I only wish I knew the answers but I believe climate change, brought about by man, is real. If it is a hoax it benefits no-one that I can think of bar a few comparatively small companies producing environmentally friendly goods. If we believe it is a hoax however, I can think of a few industries that will reap the rewards (think of mining and drilling).

When I think back to what started my green journey I find it really hard to pin point any particular thing. I remember hassling my mum once about buying bleach and she ended up buying vinegar instead. I remember in grade 6 I think it was, doing an in class assignment where you answered multiple choice questions and it predicted a future scenario for you. Even then I preferred a large house in a small country town with an eco lifestyle. Ok, so I no longer want a large house (cleaning the house never entered my 12 yo mind 😉 ) but the rest of the scenario has pretty much played out to be true. I’ve also had that dream of living on a small acreage in the country for as long as I can remember, interspersed with eco dreams too. For as long as I can remember there has always been some level of environmental sustainability or homesteading about my dreams.

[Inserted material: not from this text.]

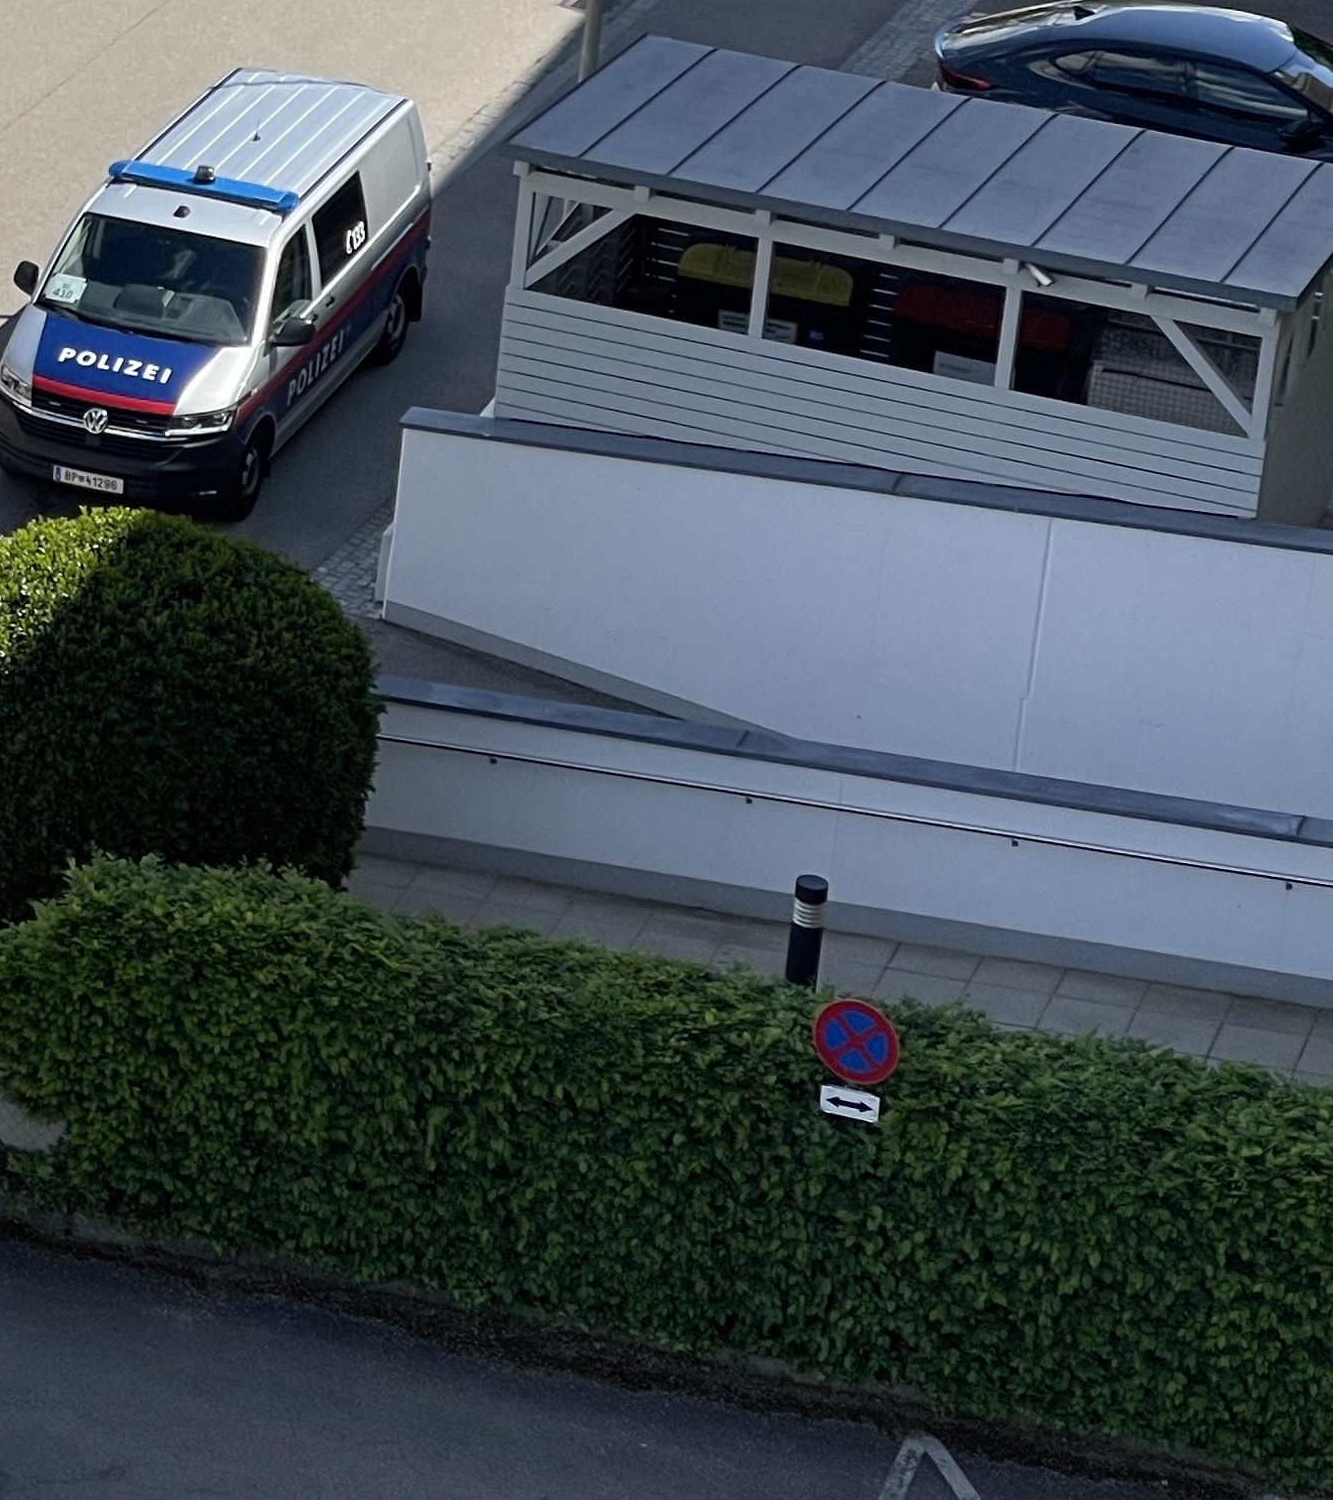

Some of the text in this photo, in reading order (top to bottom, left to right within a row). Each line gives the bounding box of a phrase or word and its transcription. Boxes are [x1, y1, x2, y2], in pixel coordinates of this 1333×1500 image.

So what kicked it all into high gear then? I’ve already mentioned some of my journey of how it’s not easy to be green but it was probably the film The Day after Tomorrow that really prompted me to start making changes. Now, do I think that there will be 3 big storms to plunge the world into a new ice age? No. Do I think that the film is very over-dramatised? Yes. Do I think that the film makes a good point though? Yes. It got me thinking long and hard about climate change and our precious planet. It got me thinking about the impact that my choices and decisions have upon the planet and although it doesn’t touch on even half of the issues out there (deforestation of our jungles, over fishing, landfill, fossil fuel usage and so on) but at least for me it got me thinking. It got me processing. It made me realise that there is a LOT more to the world than just my little piece of it.

Now as I sit here today it’s a predicted high of 38C degrees (about 29 inside at the moment). It’s still November! The average maximum temperatures for Melbourne in November is 22C although the highest on record is 40.9 on November 27 1894 (info found here). It’s a total fire ban in both the Mallee and Wimera regions of Victoria too – the far north and west of the state where it’s already at severe fire danger (info found here). This is unusual for November in Victoria in my memory at least and I suspect that the odd rumours I’ve heard of a long hot summer may well turn out to be true. And after what Ballan locals have said was a long cold winter… Well it just seems to me, in my very unscientific opinion, that things are changing.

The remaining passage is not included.